Problem details:
Extract the complete listing and repeat it word for word.

[[ Data for analysis open ]]

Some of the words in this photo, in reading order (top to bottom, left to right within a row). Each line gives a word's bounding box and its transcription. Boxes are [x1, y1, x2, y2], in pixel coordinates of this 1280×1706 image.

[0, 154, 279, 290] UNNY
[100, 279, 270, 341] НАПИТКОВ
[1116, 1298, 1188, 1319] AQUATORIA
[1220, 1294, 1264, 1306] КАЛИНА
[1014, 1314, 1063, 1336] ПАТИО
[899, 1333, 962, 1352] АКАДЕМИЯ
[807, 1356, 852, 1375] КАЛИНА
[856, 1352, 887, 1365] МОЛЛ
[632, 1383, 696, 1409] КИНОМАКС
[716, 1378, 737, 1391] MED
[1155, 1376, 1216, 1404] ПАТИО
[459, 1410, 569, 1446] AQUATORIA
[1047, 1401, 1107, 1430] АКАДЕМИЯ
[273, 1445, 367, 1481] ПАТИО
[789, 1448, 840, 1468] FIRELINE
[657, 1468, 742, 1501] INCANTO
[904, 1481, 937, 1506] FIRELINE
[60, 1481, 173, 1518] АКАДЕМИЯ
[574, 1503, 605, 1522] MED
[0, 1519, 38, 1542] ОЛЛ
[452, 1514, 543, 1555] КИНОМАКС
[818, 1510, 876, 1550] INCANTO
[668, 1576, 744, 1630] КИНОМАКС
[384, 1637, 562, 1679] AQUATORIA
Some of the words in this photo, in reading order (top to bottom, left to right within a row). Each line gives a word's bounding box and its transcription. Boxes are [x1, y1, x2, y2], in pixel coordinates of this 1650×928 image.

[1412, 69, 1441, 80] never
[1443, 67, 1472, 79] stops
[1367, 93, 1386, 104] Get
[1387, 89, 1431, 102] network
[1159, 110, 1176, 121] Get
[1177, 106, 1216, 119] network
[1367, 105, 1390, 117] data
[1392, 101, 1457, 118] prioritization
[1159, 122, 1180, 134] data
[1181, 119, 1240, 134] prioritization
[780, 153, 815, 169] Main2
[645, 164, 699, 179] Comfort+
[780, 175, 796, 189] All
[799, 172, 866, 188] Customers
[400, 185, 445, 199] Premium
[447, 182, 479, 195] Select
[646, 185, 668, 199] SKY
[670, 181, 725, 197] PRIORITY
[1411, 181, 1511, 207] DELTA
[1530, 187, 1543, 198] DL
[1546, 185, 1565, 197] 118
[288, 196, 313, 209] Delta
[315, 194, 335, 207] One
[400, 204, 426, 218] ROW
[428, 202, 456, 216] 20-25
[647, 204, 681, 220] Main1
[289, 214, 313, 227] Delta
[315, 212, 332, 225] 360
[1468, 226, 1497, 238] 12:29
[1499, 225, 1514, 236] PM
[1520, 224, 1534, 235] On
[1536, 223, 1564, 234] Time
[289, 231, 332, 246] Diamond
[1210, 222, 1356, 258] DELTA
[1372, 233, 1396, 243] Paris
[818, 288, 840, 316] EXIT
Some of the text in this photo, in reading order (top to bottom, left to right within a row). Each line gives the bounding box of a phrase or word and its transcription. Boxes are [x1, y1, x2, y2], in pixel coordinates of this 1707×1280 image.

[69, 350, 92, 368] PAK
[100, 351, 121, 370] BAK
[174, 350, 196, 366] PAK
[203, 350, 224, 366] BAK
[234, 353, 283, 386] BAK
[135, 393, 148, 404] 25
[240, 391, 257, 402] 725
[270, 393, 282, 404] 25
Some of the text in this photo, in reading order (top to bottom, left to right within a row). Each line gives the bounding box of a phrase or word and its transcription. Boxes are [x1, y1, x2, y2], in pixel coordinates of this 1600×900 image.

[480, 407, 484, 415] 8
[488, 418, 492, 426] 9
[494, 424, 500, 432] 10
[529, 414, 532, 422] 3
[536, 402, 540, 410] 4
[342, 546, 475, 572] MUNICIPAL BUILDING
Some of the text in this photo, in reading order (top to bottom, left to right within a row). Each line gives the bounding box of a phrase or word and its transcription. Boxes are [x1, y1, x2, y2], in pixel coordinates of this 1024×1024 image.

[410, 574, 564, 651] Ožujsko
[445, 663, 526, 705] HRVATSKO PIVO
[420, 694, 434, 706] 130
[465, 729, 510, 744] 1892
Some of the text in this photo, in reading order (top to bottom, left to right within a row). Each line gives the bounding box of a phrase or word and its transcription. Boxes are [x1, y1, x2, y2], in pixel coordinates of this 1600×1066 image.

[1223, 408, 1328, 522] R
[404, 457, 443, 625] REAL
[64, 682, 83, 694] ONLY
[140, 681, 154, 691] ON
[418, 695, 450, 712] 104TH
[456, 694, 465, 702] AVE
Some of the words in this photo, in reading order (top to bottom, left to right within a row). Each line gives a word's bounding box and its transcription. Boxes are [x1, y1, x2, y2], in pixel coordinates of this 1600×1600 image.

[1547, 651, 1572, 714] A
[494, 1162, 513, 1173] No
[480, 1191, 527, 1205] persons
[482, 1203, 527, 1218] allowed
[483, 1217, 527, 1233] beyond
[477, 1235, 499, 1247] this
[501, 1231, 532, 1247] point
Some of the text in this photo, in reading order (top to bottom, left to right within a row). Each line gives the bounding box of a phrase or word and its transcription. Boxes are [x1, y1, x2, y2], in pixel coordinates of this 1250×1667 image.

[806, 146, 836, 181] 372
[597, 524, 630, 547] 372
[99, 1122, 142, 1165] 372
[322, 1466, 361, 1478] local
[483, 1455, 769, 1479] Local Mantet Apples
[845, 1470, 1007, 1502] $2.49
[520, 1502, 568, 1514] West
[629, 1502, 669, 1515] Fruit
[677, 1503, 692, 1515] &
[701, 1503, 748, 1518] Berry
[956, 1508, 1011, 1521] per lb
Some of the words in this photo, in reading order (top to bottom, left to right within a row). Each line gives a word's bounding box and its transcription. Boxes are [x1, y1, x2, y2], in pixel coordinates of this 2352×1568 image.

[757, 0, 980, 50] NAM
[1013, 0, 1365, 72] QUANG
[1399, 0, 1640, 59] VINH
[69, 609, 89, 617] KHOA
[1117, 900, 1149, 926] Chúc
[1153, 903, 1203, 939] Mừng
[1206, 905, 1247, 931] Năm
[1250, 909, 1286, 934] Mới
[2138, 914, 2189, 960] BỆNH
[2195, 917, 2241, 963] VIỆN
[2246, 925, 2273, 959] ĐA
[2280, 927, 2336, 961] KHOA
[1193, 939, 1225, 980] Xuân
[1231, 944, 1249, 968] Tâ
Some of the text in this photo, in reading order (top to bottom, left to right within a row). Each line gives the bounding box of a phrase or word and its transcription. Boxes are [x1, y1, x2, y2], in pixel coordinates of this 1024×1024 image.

[[ Data for analysis closed ]]

Response area:
Some of the words in this photo, in reading order (top to bottom, left to right within a row). Each line gives a word's bounding box and its transcription. Boxes are [x1, y1, x2, y2], in pixel coordinates of this 1280×1706 image.

[0, 154, 279, 290] UNNY
[100, 279, 270, 341] НАПИТКОВ
[1116, 1298, 1188, 1319] AQUATORIA
[1220, 1294, 1264, 1306] КАЛИНА
[1014, 1314, 1063, 1336] ПАТИО
[899, 1333, 962, 1352] АКАДЕМИЯ
[807, 1356, 852, 1375] КАЛИНА
[856, 1352, 887, 1365] МОЛЛ
[632, 1383, 696, 1409] КИНОМАКС
[716, 1378, 737, 1391] MED
[1155, 1376, 1216, 1404] ПАТИО
[459, 1410, 569, 1446] AQUATORIA
[1047, 1401, 1107, 1430] АКАДЕМИЯ
[273, 1445, 367, 1481] ПАТИО
[789, 1448, 840, 1468] FIRELINE
[657, 1468, 742, 1501] INCANTO
[904, 1481, 937, 1506] FIRELINE
[60, 1481, 173, 1518] АКАДЕМИЯ
[574, 1503, 605, 1522] MED
[0, 1519, 38, 1542] ОЛЛ
[452, 1514, 543, 1555] КИНОМАКС
[818, 1510, 876, 1550] INCANTO
[668, 1576, 744, 1630] КИНОМАКС
[384, 1637, 562, 1679] AQUATORIA
Some of the words in this photo, in reading order (top to bottom, left to right within a row). Each line gives a word's bounding box and its transcription. Boxes are [x1, y1, x2, y2], in pixel coordinates of this 1650×928 image.

[1412, 69, 1441, 80] never
[1443, 67, 1472, 79] stops
[1367, 93, 1386, 104] Get
[1387, 89, 1431, 102] network
[1159, 110, 1176, 121] Get
[1177, 106, 1216, 119] network
[1367, 105, 1390, 117] data
[1392, 101, 1457, 118] prioritization
[1159, 122, 1180, 134] data
[1181, 119, 1240, 134] prioritization
[780, 153, 815, 169] Main2
[645, 164, 699, 179] Comfort+
[780, 175, 796, 189] All
[799, 172, 866, 188] Customers
[400, 185, 445, 199] Premium
[447, 182, 479, 195] Select
[646, 185, 668, 199] SKY
[670, 181, 725, 197] PRIORITY
[1411, 181, 1511, 207] DELTA
[1530, 187, 1543, 198] DL
[1546, 185, 1565, 197] 118
[288, 196, 313, 209] Delta
[315, 194, 335, 207] One
[400, 204, 426, 218] ROW
[428, 202, 456, 216] 20-25
[647, 204, 681, 220] Main1
[289, 214, 313, 227] Delta
[315, 212, 332, 225] 360
[1468, 226, 1497, 238] 12:29
[1499, 225, 1514, 236] PM
[1520, 224, 1534, 235] On
[1536, 223, 1564, 234] Time
[289, 231, 332, 246] Diamond
[1210, 222, 1356, 258] DELTA
[1372, 233, 1396, 243] Paris
[818, 288, 840, 316] EXIT
Some of the text in this photo, in reading order (top to bottom, left to right within a row). Each line gives the bounding box of a phrase or word and its transcription. Boxes are [x1, y1, x2, y2], in pixel coordinates of this 1707×1280 image.

[69, 350, 92, 368] PAK
[100, 351, 121, 370] BAK
[174, 350, 196, 366] PAK
[203, 350, 224, 366] BAK
[234, 353, 283, 386] BAK
[135, 393, 148, 404] 25
[240, 391, 257, 402] 725
[270, 393, 282, 404] 25
Some of the text in this photo, in reading order (top to bottom, left to right within a row). Each line gives the bounding box of a phrase or word and its transcription. Boxes are [x1, y1, x2, y2], in pixel coordinates of this 1600×900 image.

[480, 407, 484, 415] 8
[488, 418, 492, 426] 9
[494, 424, 500, 432] 10
[529, 414, 532, 422] 3
[536, 402, 540, 410] 4
[342, 546, 475, 572] MUNICIPAL BUILDING
Some of the text in this photo, in reading order (top to bottom, left to right within a row). Each line gives the bounding box of a phrase or word and its transcription. Boxes are [x1, y1, x2, y2], in pixel coordinates of this 1024×1024 image.

[410, 574, 564, 651] Ožujsko
[445, 663, 526, 705] HRVATSKO PIVO
[420, 694, 434, 706] 130
[465, 729, 510, 744] 1892
Some of the text in this photo, in reading order (top to bottom, left to right within a row). Each line gives the bounding box of a phrase or word and its transcription. Boxes are [x1, y1, x2, y2], in pixel coordinates of this 1600×1066 image.

[1223, 408, 1328, 522] R
[404, 457, 443, 625] REAL
[64, 682, 83, 694] ONLY
[140, 681, 154, 691] ON
[418, 695, 450, 712] 104TH
[456, 694, 465, 702] AVE
Some of the words in this photo, in reading order (top to bottom, left to right within a row). Each line gives a word's bounding box and its transcription. Boxes are [x1, y1, x2, y2], in pixel coordinates of this 1600×1600 image.

[1547, 651, 1572, 714] A
[494, 1162, 513, 1173] No
[480, 1191, 527, 1205] persons
[482, 1203, 527, 1218] allowed
[483, 1217, 527, 1233] beyond
[477, 1235, 499, 1247] this
[501, 1231, 532, 1247] point
Some of the text in this photo, in reading order (top to bottom, left to right within a row). Each line gives the bounding box of a phrase or word and its transcription. Boxes are [x1, y1, x2, y2], in pixel coordinates of this 1250×1667 image.

[806, 146, 836, 181] 372
[597, 524, 630, 547] 372
[99, 1122, 142, 1165] 372
[322, 1466, 361, 1478] local
[483, 1455, 769, 1479] Local Mantet Apples
[845, 1470, 1007, 1502] $2.49
[520, 1502, 568, 1514] West
[629, 1502, 669, 1515] Fruit
[677, 1503, 692, 1515] &
[701, 1503, 748, 1518] Berry
[956, 1508, 1011, 1521] per lb
Some of the words in this photo, in reading order (top to bottom, left to right within a row). Each line gives a word's bounding box and its transcription. Boxes are [x1, y1, x2, y2], in pixel coordinates of this 2352×1568 image.

[757, 0, 980, 50] NAM
[1013, 0, 1365, 72] QUANG
[1399, 0, 1640, 59] VINH
[69, 609, 89, 617] KHOA
[1117, 900, 1149, 926] Chúc
[1153, 903, 1203, 939] Mừng
[1206, 905, 1247, 931] Năm
[1250, 909, 1286, 934] Mới
[2138, 914, 2189, 960] BỆNH
[2195, 917, 2241, 963] VIỆN
[2246, 925, 2273, 959] ĐA
[2280, 927, 2336, 961] KHOA
[1193, 939, 1225, 980] Xuân
[1231, 944, 1249, 968] Tâ
Some of the text in this photo, in reading order (top to bottom, left to right within a row). Each line gives the bounding box of a phrase or word and its transcription. Boxes are [x1, y1, x2, y2], in pixel coordinates of this 1024×1024 image.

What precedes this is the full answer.